### TASK ITEM
An exact transcription of every record is needed, leaving out the pictures.
(INFORMATION begins)
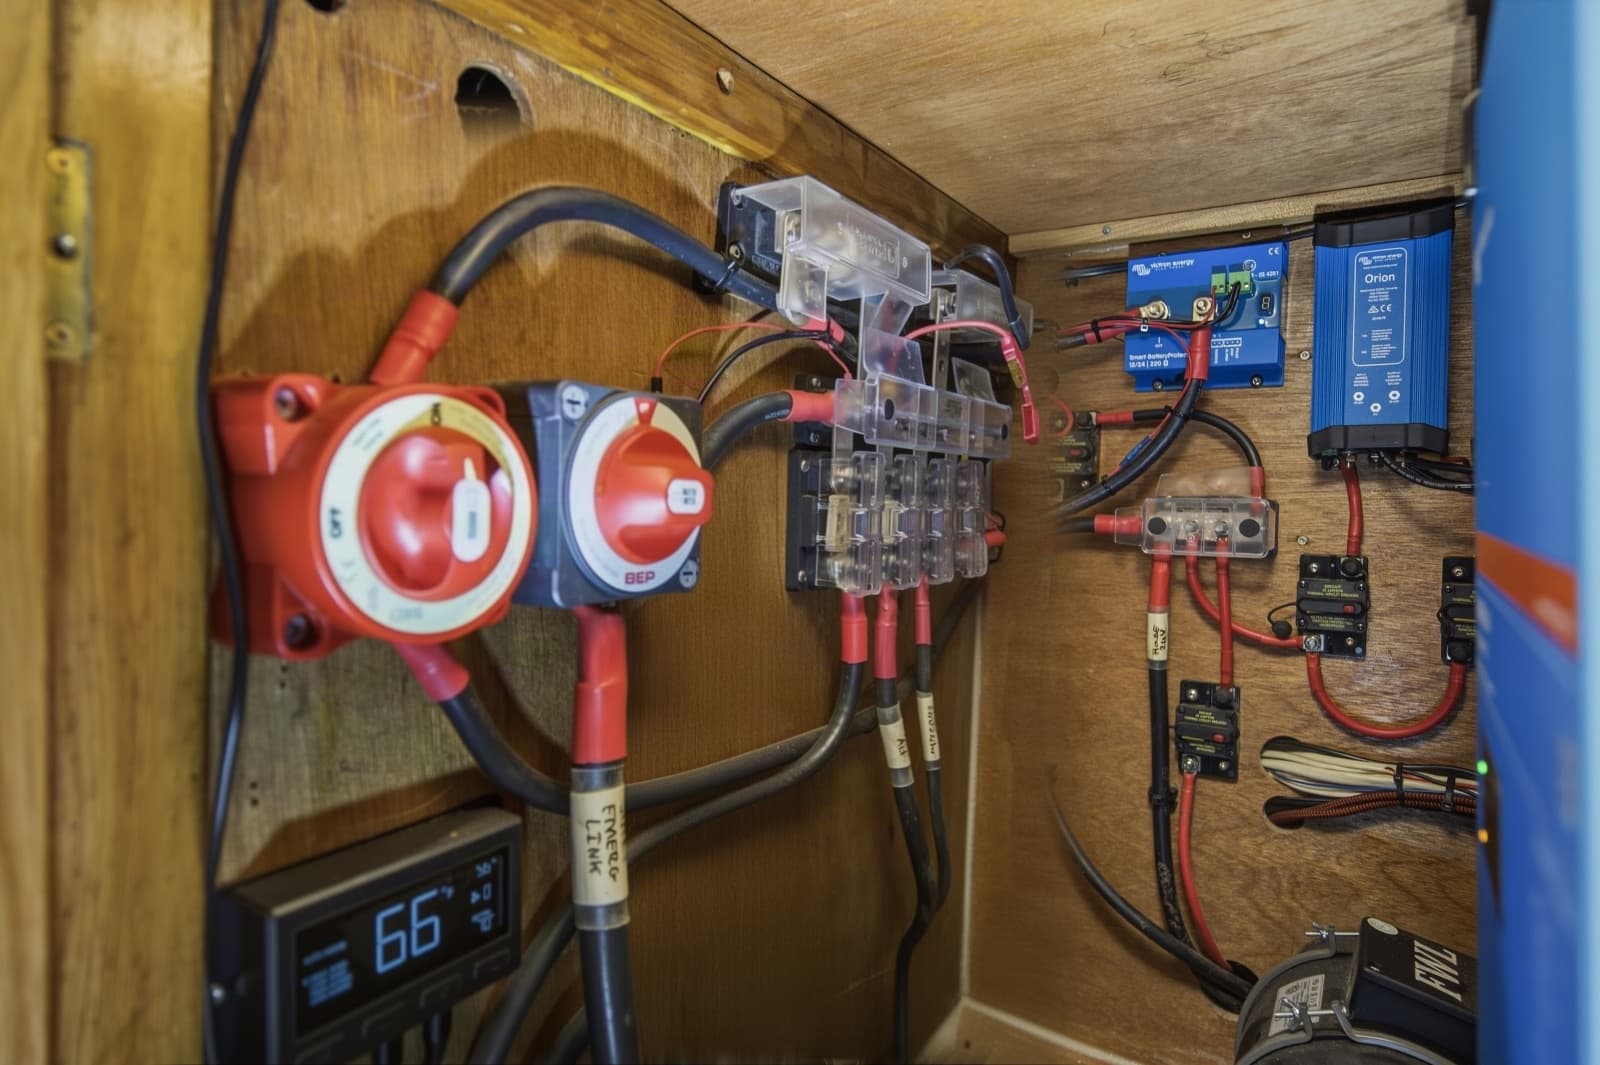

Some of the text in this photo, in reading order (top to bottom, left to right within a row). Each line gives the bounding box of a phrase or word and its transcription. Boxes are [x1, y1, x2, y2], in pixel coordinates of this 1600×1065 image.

[1364, 273, 1395, 284] Orion
[1380, 303, 1392, 312] CE
[624, 571, 655, 585] BEP
[585, 819, 603, 877] LINK
[376, 888, 441, 975] 66
[1413, 939, 1463, 1002] FWL
(INFORMATION ends)
### TASK SOLUTION
Some of the text in this photo, in reading order (top to bottom, left to right within a row). Each line gives the bounding box of a phrase or word and its transcription. Boxes are [x1, y1, x2, y2], in pixel coordinates of this 1600×1065 image.

[1364, 273, 1395, 284] Orion
[1380, 303, 1392, 312] CE
[624, 571, 655, 585] BEP
[585, 819, 603, 877] LINK
[376, 888, 441, 975] 66
[1413, 939, 1463, 1002] FWL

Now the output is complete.